Referring expression grounding data

▬▬▬▬▬▬▬▬▬▬

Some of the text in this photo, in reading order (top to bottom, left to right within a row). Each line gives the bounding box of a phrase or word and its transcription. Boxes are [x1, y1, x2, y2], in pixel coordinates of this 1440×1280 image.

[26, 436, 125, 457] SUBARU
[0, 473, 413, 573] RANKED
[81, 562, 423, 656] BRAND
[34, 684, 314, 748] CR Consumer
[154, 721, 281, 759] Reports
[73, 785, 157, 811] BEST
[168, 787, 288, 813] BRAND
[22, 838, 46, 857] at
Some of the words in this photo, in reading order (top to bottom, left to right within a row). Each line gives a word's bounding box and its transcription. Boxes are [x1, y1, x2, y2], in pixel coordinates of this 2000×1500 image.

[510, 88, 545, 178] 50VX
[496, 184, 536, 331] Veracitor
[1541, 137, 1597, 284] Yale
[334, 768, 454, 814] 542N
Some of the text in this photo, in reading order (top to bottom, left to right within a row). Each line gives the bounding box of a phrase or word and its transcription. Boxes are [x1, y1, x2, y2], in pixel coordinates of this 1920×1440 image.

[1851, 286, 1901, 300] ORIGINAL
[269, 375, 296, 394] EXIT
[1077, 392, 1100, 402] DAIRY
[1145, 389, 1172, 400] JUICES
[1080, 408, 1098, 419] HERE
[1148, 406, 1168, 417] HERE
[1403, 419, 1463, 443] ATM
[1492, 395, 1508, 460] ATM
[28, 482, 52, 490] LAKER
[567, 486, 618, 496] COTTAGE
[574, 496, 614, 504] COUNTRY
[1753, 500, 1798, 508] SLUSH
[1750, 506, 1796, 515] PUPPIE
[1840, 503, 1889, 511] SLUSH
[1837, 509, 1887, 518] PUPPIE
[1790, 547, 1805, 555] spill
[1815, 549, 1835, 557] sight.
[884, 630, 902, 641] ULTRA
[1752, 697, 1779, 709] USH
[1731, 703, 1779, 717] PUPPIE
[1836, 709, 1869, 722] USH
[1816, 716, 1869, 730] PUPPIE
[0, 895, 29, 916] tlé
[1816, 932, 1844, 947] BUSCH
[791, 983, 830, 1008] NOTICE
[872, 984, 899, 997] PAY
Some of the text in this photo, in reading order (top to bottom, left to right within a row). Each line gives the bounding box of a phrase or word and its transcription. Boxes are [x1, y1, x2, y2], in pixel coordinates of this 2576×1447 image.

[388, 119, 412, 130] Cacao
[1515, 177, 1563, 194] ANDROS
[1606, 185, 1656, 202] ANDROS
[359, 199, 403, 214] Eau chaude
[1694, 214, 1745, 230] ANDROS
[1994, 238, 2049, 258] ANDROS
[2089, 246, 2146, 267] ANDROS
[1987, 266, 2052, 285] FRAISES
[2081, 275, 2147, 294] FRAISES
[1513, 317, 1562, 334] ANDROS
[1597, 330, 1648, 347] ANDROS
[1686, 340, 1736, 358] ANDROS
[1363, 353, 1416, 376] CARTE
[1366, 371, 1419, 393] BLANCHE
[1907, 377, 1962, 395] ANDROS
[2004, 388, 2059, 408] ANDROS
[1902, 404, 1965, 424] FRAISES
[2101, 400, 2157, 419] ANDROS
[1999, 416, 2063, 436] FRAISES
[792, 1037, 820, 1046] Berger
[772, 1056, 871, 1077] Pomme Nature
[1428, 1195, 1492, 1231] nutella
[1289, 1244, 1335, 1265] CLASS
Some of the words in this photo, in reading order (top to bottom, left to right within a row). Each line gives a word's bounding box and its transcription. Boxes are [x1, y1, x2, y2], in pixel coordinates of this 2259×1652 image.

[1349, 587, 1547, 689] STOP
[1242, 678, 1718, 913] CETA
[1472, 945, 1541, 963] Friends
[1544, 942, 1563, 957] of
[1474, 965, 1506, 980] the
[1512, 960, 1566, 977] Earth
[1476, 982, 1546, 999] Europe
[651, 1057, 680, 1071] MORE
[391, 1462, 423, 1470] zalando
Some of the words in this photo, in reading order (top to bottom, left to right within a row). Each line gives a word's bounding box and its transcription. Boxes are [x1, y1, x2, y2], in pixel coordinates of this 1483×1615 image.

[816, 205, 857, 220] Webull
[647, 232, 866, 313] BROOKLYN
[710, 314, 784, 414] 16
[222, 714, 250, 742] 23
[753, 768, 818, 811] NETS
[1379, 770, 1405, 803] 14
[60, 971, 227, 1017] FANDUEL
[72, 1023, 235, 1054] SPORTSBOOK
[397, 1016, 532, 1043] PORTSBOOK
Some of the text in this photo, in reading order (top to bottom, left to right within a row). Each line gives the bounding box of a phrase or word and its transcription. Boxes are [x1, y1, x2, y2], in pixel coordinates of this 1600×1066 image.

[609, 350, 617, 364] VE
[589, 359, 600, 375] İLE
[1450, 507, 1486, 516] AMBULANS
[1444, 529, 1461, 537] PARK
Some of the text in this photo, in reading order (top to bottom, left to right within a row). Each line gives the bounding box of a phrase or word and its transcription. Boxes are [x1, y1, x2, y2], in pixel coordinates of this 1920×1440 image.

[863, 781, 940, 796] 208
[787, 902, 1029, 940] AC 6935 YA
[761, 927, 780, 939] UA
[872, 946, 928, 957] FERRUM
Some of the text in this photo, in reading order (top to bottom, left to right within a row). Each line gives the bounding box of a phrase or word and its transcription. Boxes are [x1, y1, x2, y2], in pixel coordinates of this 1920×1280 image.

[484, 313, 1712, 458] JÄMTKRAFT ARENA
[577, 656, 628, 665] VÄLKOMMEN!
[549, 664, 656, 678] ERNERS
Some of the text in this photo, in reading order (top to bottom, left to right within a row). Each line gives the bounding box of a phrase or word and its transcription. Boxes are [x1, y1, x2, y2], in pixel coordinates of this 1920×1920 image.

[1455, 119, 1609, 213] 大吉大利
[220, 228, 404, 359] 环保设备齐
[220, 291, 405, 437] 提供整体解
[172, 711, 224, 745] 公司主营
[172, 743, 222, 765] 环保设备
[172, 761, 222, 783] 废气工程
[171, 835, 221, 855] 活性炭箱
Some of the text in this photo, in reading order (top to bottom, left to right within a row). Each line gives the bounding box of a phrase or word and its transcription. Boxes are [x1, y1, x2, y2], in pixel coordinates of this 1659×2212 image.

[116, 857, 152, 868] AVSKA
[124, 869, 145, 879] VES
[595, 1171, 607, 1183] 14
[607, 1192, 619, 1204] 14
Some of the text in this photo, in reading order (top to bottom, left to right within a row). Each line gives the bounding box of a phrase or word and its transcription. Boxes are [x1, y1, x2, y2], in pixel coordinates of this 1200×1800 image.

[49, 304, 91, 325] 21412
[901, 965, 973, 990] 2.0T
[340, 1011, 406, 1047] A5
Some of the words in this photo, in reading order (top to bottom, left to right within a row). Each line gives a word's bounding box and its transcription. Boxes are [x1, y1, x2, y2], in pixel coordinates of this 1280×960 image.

▬▬▬▬▬▬▬▬▬▬

Work required:
An exact copy of every line above, start to finish, is required.

Answer space:
Some of the text in this photo, in reading order (top to bottom, left to right within a row). Each line gives the bounding box of a phrase or word and its transcription. Boxes are [x1, y1, x2, y2], in pixel coordinates of this 1440×1280 image.

[26, 436, 125, 457] SUBARU
[0, 473, 413, 573] RANKED
[81, 562, 423, 656] BRAND
[34, 684, 314, 748] CR Consumer
[154, 721, 281, 759] Reports
[73, 785, 157, 811] BEST
[168, 787, 288, 813] BRAND
[22, 838, 46, 857] at
Some of the words in this photo, in reading order (top to bottom, left to right within a row). Each line gives a word's bounding box and its transcription. Boxes are [x1, y1, x2, y2], in pixel coordinates of this 2000×1500 image.

[510, 88, 545, 178] 50VX
[496, 184, 536, 331] Veracitor
[1541, 137, 1597, 284] Yale
[334, 768, 454, 814] 542N
Some of the text in this photo, in reading order (top to bottom, left to right within a row). Each line gives the bounding box of a phrase or word and its transcription. Boxes are [x1, y1, x2, y2], in pixel coordinates of this 1920×1440 image.

[1851, 286, 1901, 300] ORIGINAL
[269, 375, 296, 394] EXIT
[1077, 392, 1100, 402] DAIRY
[1145, 389, 1172, 400] JUICES
[1080, 408, 1098, 419] HERE
[1148, 406, 1168, 417] HERE
[1403, 419, 1463, 443] ATM
[1492, 395, 1508, 460] ATM
[28, 482, 52, 490] LAKER
[567, 486, 618, 496] COTTAGE
[574, 496, 614, 504] COUNTRY
[1753, 500, 1798, 508] SLUSH
[1750, 506, 1796, 515] PUPPIE
[1840, 503, 1889, 511] SLUSH
[1837, 509, 1887, 518] PUPPIE
[1790, 547, 1805, 555] spill
[1815, 549, 1835, 557] sight.
[884, 630, 902, 641] ULTRA
[1752, 697, 1779, 709] USH
[1731, 703, 1779, 717] PUPPIE
[1836, 709, 1869, 722] USH
[1816, 716, 1869, 730] PUPPIE
[0, 895, 29, 916] tlé
[1816, 932, 1844, 947] BUSCH
[791, 983, 830, 1008] NOTICE
[872, 984, 899, 997] PAY
Some of the text in this photo, in reading order (top to bottom, left to right within a row). Each line gives the bounding box of a phrase or word and its transcription. Boxes are [x1, y1, x2, y2], in pixel coordinates of this 2576×1447 image.

[388, 119, 412, 130] Cacao
[1515, 177, 1563, 194] ANDROS
[1606, 185, 1656, 202] ANDROS
[359, 199, 403, 214] Eau chaude
[1694, 214, 1745, 230] ANDROS
[1994, 238, 2049, 258] ANDROS
[2089, 246, 2146, 267] ANDROS
[1987, 266, 2052, 285] FRAISES
[2081, 275, 2147, 294] FRAISES
[1513, 317, 1562, 334] ANDROS
[1597, 330, 1648, 347] ANDROS
[1686, 340, 1736, 358] ANDROS
[1363, 353, 1416, 376] CARTE
[1366, 371, 1419, 393] BLANCHE
[1907, 377, 1962, 395] ANDROS
[2004, 388, 2059, 408] ANDROS
[1902, 404, 1965, 424] FRAISES
[2101, 400, 2157, 419] ANDROS
[1999, 416, 2063, 436] FRAISES
[792, 1037, 820, 1046] Berger
[772, 1056, 871, 1077] Pomme Nature
[1428, 1195, 1492, 1231] nutella
[1289, 1244, 1335, 1265] CLASS
Some of the words in this photo, in reading order (top to bottom, left to right within a row). Each line gives a word's bounding box and its transcription. Boxes are [x1, y1, x2, y2], in pixel coordinates of this 2259×1652 image.

[1349, 587, 1547, 689] STOP
[1242, 678, 1718, 913] CETA
[1472, 945, 1541, 963] Friends
[1544, 942, 1563, 957] of
[1474, 965, 1506, 980] the
[1512, 960, 1566, 977] Earth
[1476, 982, 1546, 999] Europe
[651, 1057, 680, 1071] MORE
[391, 1462, 423, 1470] zalando
Some of the words in this photo, in reading order (top to bottom, left to right within a row). Each line gives a word's bounding box and its transcription. Boxes are [x1, y1, x2, y2], in pixel coordinates of this 1483×1615 image.

[816, 205, 857, 220] Webull
[647, 232, 866, 313] BROOKLYN
[710, 314, 784, 414] 16
[222, 714, 250, 742] 23
[753, 768, 818, 811] NETS
[1379, 770, 1405, 803] 14
[60, 971, 227, 1017] FANDUEL
[72, 1023, 235, 1054] SPORTSBOOK
[397, 1016, 532, 1043] PORTSBOOK
Some of the text in this photo, in reading order (top to bottom, left to right within a row). Each line gives the bounding box of a phrase or word and its transcription. Boxes are [x1, y1, x2, y2], in pixel coordinates of this 1600×1066 image.

[609, 350, 617, 364] VE
[589, 359, 600, 375] İLE
[1450, 507, 1486, 516] AMBULANS
[1444, 529, 1461, 537] PARK
Some of the text in this photo, in reading order (top to bottom, left to right within a row). Each line gives the bounding box of a phrase or word and its transcription. Boxes are [x1, y1, x2, y2], in pixel coordinates of this 1920×1440 image.

[863, 781, 940, 796] 208
[787, 902, 1029, 940] AC 6935 YA
[761, 927, 780, 939] UA
[872, 946, 928, 957] FERRUM
Some of the text in this photo, in reading order (top to bottom, left to right within a row). Each line gives the bounding box of a phrase or word and its transcription. Boxes are [x1, y1, x2, y2], in pixel coordinates of this 1920×1280 image.

[484, 313, 1712, 458] JÄMTKRAFT ARENA
[577, 656, 628, 665] VÄLKOMMEN!
[549, 664, 656, 678] ERNERS
Some of the text in this photo, in reading order (top to bottom, left to right within a row). Each line gives the bounding box of a phrase or word and its transcription. Boxes are [x1, y1, x2, y2], in pixel coordinates of this 1920×1920 image.

[1455, 119, 1609, 213] 大吉大利
[220, 228, 404, 359] 环保设备齐
[220, 291, 405, 437] 提供整体解
[172, 711, 224, 745] 公司主营
[172, 743, 222, 765] 环保设备
[172, 761, 222, 783] 废气工程
[171, 835, 221, 855] 活性炭箱
Some of the text in this photo, in reading order (top to bottom, left to right within a row). Each line gives the bounding box of a phrase or word and its transcription. Boxes are [x1, y1, x2, y2], in pixel coordinates of this 1659×2212 image.

[116, 857, 152, 868] AVSKA
[124, 869, 145, 879] VES
[595, 1171, 607, 1183] 14
[607, 1192, 619, 1204] 14
Some of the text in this photo, in reading order (top to bottom, left to right within a row). Each line gives the bounding box of a phrase or word and its transcription. Boxes are [x1, y1, x2, y2], in pixel coordinates of this 1200×1800 image.

[49, 304, 91, 325] 21412
[901, 965, 973, 990] 2.0T
[340, 1011, 406, 1047] A5
Some of the words in this photo, in reading order (top to bottom, left to right within a row). Each line gives a word's bounding box and its transcription. Boxes are [x1, y1, x2, y2], in pixel coordinates of this 1280×960 image.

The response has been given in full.